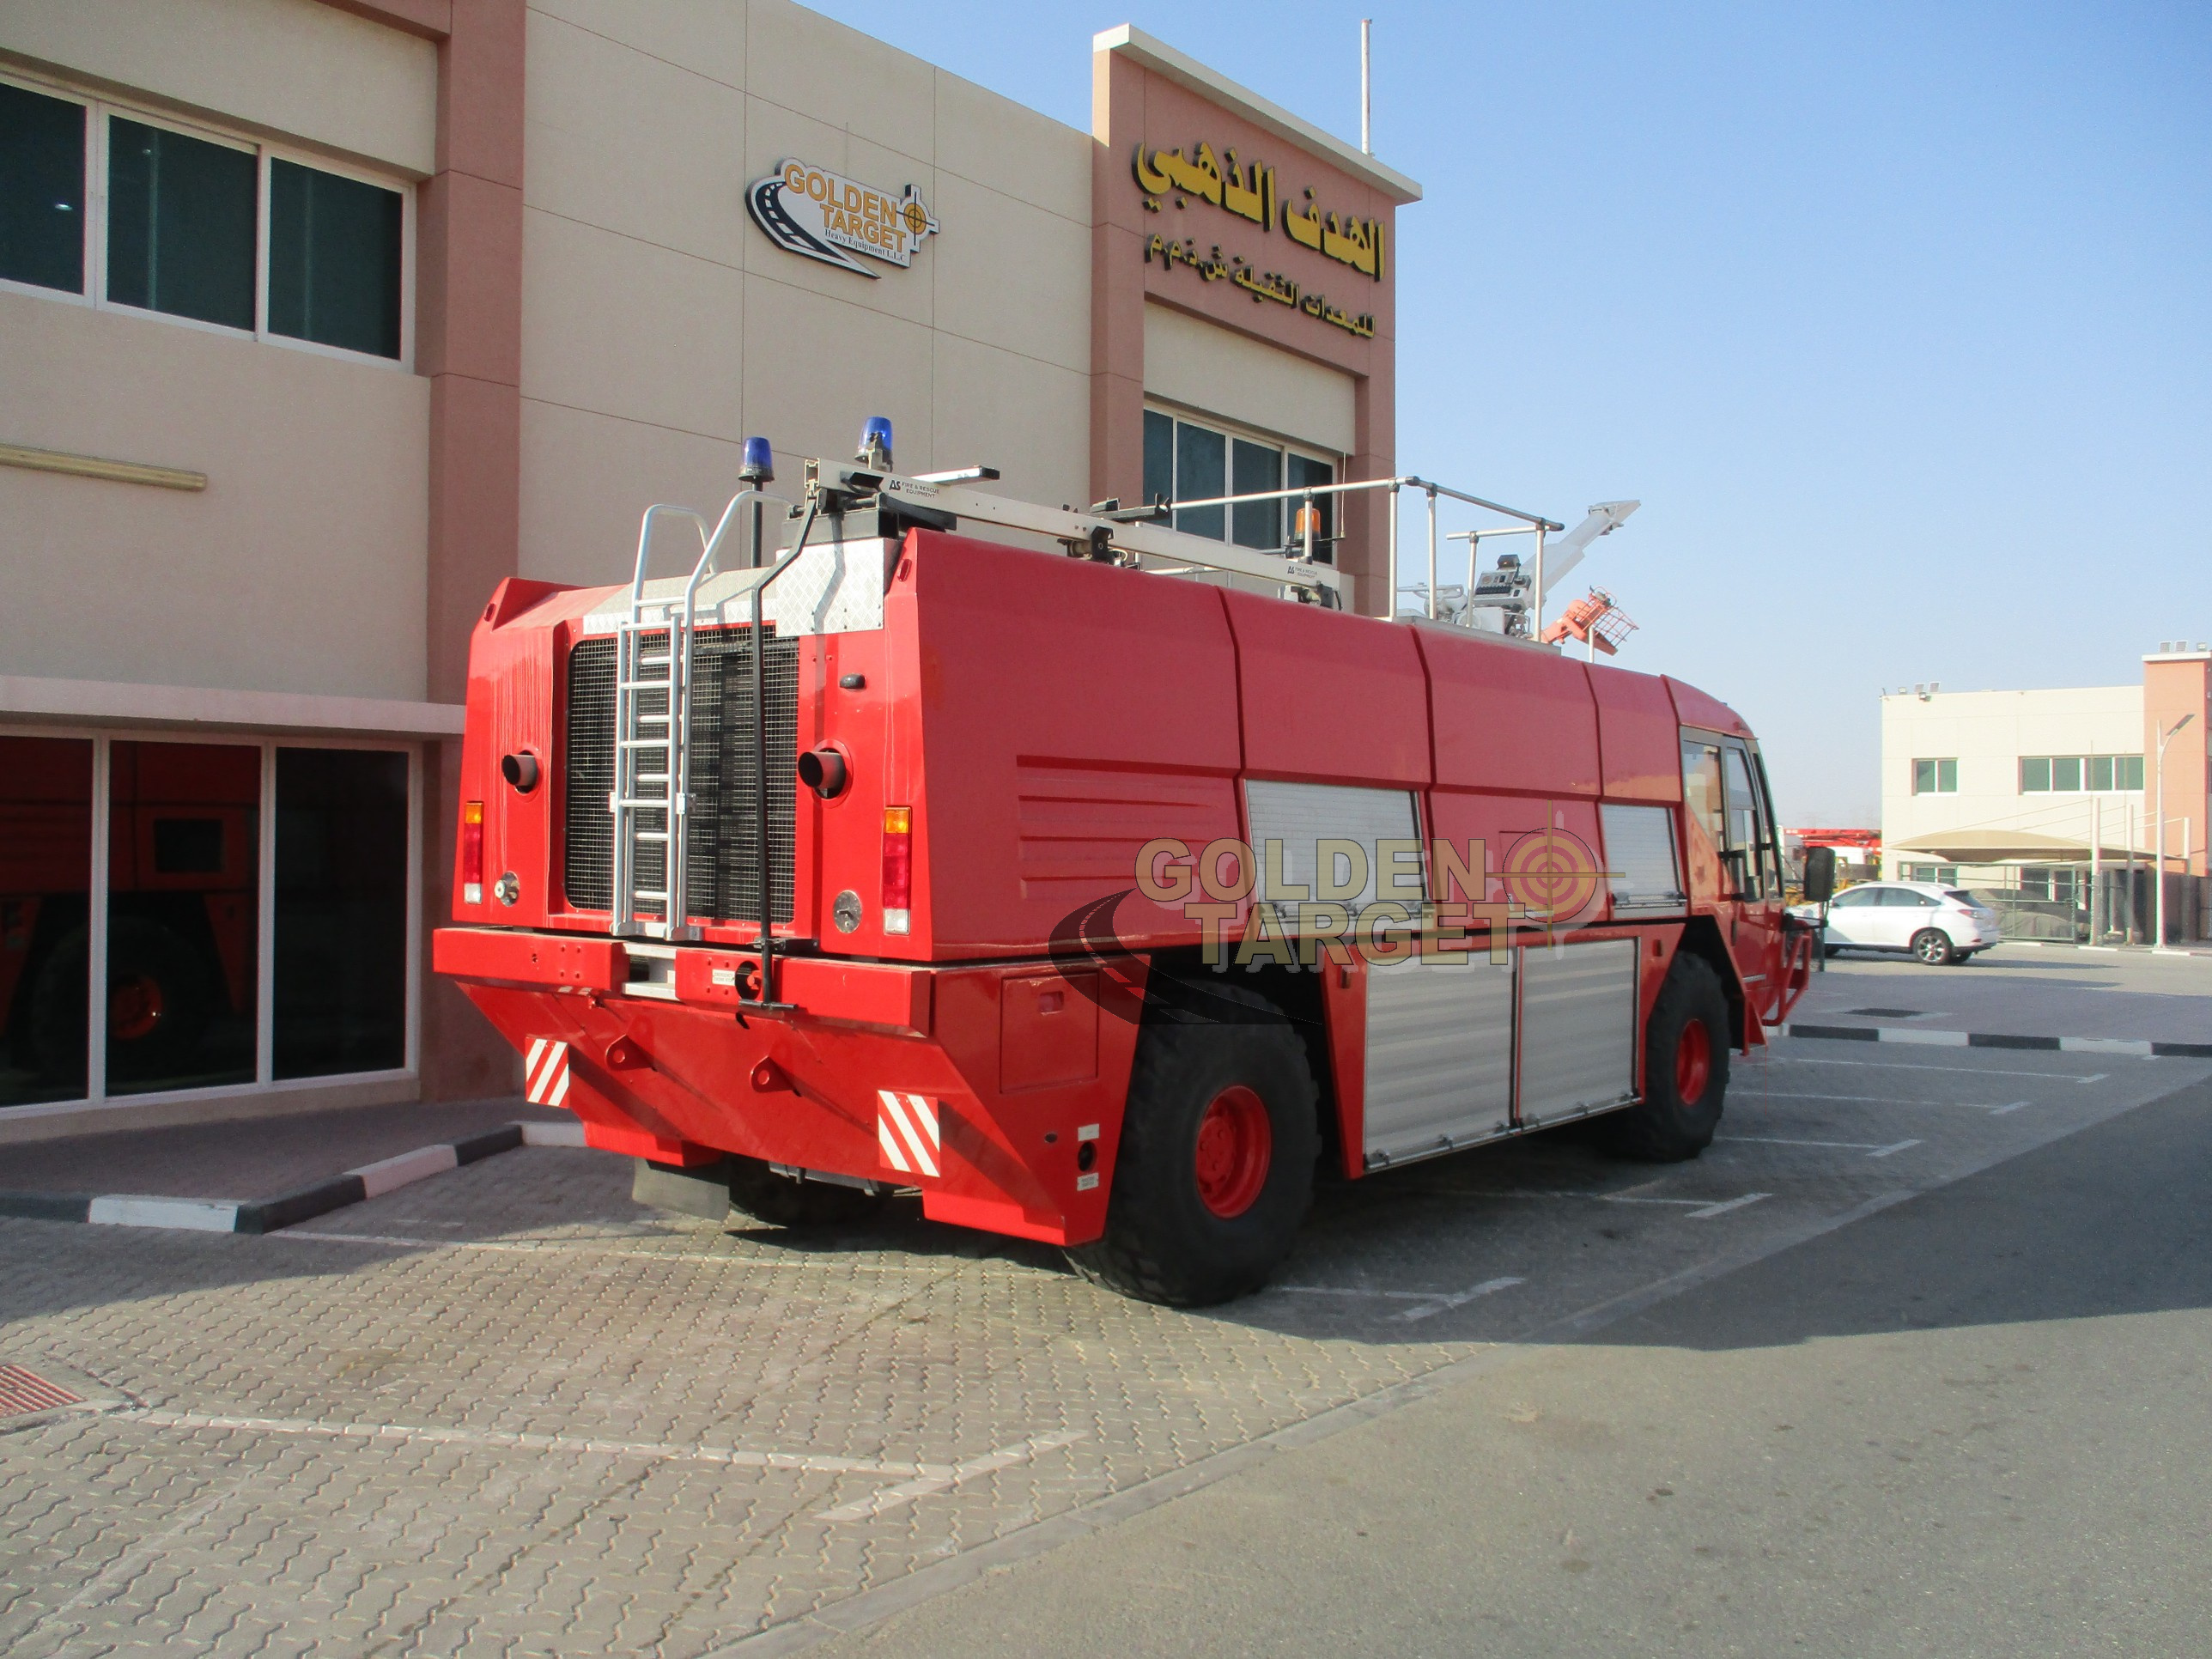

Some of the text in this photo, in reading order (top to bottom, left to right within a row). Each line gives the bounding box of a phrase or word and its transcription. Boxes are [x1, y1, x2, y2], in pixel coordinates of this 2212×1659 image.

[784, 163, 897, 228] GOLDEN
[1132, 141, 1385, 282] الهدف الذهبي
[819, 204, 907, 252] TARGET
[825, 228, 846, 244] Heavy
[848, 237, 885, 256] Equipment
[1301, 294, 1375, 338] للمعدات
[906, 488, 936, 498] EQUIPMENT
[919, 484, 940, 495] RESCUE

----------------------------------------

*Required action*
In full and without change, repeat the material above, minus the pictures.

*Finished exercise*
Some of the text in this photo, in reading order (top to bottom, left to right within a row). Each line gives the bounding box of a phrase or word and its transcription. Boxes are [x1, y1, x2, y2], in pixel coordinates of this 2212×1659 image.

[784, 163, 897, 228] GOLDEN
[1132, 141, 1385, 282] الهدف الذهبي
[819, 204, 907, 252] TARGET
[825, 228, 846, 244] Heavy
[848, 237, 885, 256] Equipment
[1301, 294, 1375, 338] للمعدات
[906, 488, 936, 498] EQUIPMENT
[919, 484, 940, 495] RESCUE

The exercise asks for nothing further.